Transduction (machine learning)

In logic, statistical inference, and machine learning, transduction or transductive inference is reasoning from observed, specific cases to other specific cases. In contrast, induction is reasoning from observed, specific cases to general principles or causes.

There are at least two specific interpretations of this mode of reasoning. In machine learning, support vector machines and Gaussian processes are said to implement transductive inference, since outputs for new cases are computed without constructing an explicit model. In contrast, supervised learning is an example of inductive reasoning. Supervised learning methods such as neural networks and classification trees construct an explicit model from observed examples, and then outputs for new cases are computed from the model.

The use of support vector machines for transductive inference was originated by Vladimir Vapnik. According to Vapnik, as a motivating principle for machine learning, transduction is preferable to induction since induction requires the solution of a more general problem (inferring an unobserved model) before solving a more specific problem (computing outputs for new cases).

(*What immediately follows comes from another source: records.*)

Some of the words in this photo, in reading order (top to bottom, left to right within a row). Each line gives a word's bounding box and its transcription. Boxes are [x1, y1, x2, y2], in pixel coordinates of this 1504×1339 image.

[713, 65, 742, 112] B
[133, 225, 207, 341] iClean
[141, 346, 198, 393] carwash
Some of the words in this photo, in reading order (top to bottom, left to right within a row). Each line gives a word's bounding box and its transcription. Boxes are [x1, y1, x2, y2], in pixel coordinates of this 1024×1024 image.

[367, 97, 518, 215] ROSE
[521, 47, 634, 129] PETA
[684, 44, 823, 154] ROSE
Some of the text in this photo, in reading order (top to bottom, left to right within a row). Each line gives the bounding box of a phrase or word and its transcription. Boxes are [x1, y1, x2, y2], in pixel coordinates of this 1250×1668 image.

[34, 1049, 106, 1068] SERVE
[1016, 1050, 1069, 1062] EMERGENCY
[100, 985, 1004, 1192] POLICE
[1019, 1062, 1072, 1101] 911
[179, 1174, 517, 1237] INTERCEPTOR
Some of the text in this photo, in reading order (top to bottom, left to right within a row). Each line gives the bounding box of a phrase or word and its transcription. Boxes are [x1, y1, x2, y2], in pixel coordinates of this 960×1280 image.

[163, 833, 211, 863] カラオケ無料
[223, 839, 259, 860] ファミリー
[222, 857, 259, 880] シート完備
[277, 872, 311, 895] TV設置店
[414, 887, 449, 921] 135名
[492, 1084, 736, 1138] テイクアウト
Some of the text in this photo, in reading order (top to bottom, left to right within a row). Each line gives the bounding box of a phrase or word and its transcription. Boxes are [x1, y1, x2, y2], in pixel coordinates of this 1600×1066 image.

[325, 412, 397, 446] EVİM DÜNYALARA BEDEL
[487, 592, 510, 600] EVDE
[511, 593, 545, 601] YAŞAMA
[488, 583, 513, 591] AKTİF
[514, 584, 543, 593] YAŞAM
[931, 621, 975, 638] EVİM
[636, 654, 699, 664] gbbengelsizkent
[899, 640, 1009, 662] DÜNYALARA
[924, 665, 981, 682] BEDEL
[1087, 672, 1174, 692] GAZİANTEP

Transductive inference is especially useful in problems for which there are many examples, but few examples have labels. For example, in web page categorization problems, there are many web pages, but few web pages have known categories (as assigned by a human expert).

Bayesian inference yields another interpretation of transduction. In Bayesian inference, transduction is the computation the posterior probability of new cases given previous, observed cases. The dependence on a predictive model is removed by averaging (integrating) over all models considered possible, weighting each model by its posterior probability given the observed cases.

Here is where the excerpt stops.